Emotional intelligence, or emotional quotient (EQ), can be described as an individual’s ability to identify, evaluate, control, and express emotions, along with the capacity to accurately perceive the emotions of others. High EQ levels help us communicate better with others while allowing us to negotiate and form clear thought patterns. As per leading psychologist and author Daniel Goleman, EQ is a more important measure of a person’s success than their intelligence quotient (IQ). Building emotional intelligence will help your child develop empathy, along with better management, leadership, and team-building skills.
Hence, if we foster EQ in our children when they are young, they will grow up to develop strong relationships with those around them and lead in their preferred career arenas, while earning massive profits. Also, they will develop a heightened sense of empathy, compassion, and self-awareness, which will allow them to blossom in multifarious ways. We have come a long way since the inception of the EQ movement in 1996 – now, every modern school in Gurgaon attempts to assimilate EQ-building activities within their curriculum. However, parents should also play a vital role in fostering their child’s EQ, and here are four ways to do so:
1. Help your child recognize their own emotions
Once you help your child identify and understand their emotions, whether it be frustration, anger, or disappointment, they will start taking ownership. This will not only help them analyse what they are feeling but also allow them to comprehend the way in which it affects others. Whenever your child feels discouraged or upset, ask them to express how they feel, and gently guide them toward feeling better.

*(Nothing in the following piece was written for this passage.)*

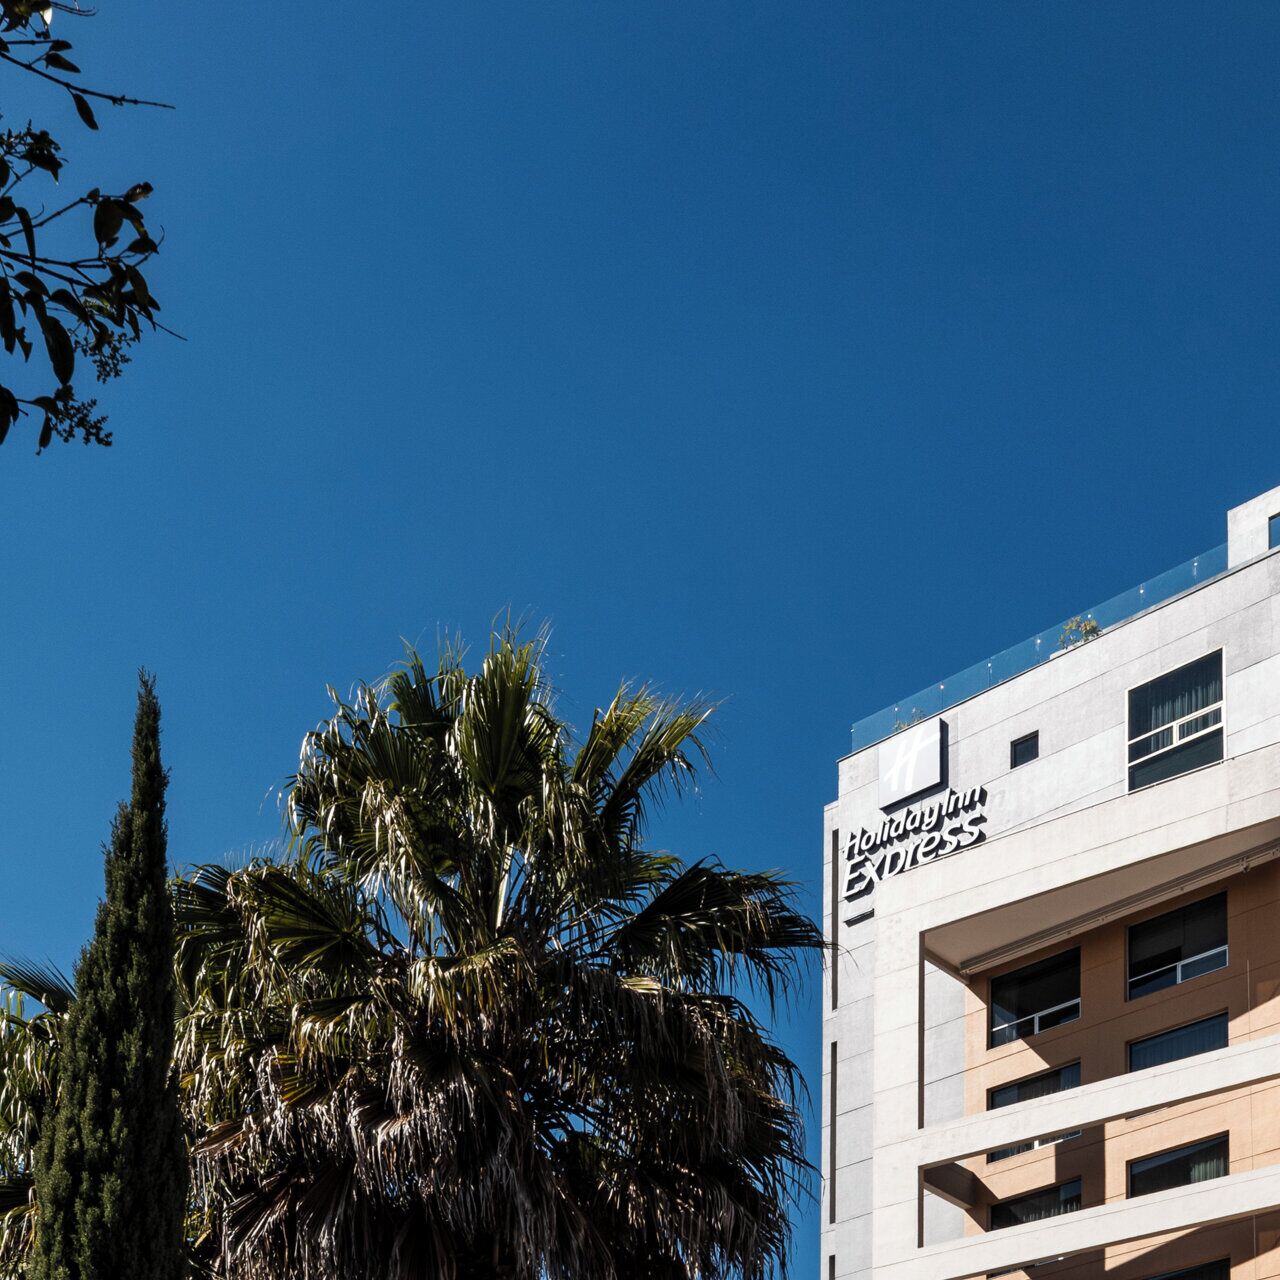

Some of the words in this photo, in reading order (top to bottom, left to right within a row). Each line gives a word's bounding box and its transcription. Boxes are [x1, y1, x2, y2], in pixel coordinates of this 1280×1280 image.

[842, 813, 988, 898] Express
[844, 803, 941, 860] Holiday
[941, 785, 982, 815] Inn

2. Talk about your own emotions with your child
The best way to foster emotional intelligence is to display it on a regular basis. Communicate with your child about your emotions and allow them to gradually perceive it for themselves. You can also demonstrate positive emotions and explain how it can affect others in affirmative ways. Once your child is able to grasp emotional trigger points, it will be easier for them to control and channel their emotions.
3. Help them gauge the emotional aura inside your house
Moods and feelings constantly fluctuate within a household. If you have people visiting you, the aura might become fun and jubilant. Similarly, waking up on a quiet Sunday morning might make you feel calm and relaxed. Discuss these aural differences with your children and allow them to realise how their own emotions impact the environment of the household.
4. Teach them the value of empathy and compassion
Children are influenced by the people they care about: teachers, friends, and most importantly, family. Hence, as a parent, you should be thoughtful about the lessons and messages you are consciously and unconsciously sending to your child. In order to inculcate the value of empathy and compassion in children, one needs to model such behaviour on an everyday basis – the way we treat people around us, even strangers, communicates our true values to children. A constant flow of derogatory comments, criticism, or gossip at someone else’s expense, will become embedded within a child’s value system. Cultivate an atmosphere wherein your child feels safe to ask questions and is able to become a kind, responsible human being.
Help your child grow in a beautiful and humane way!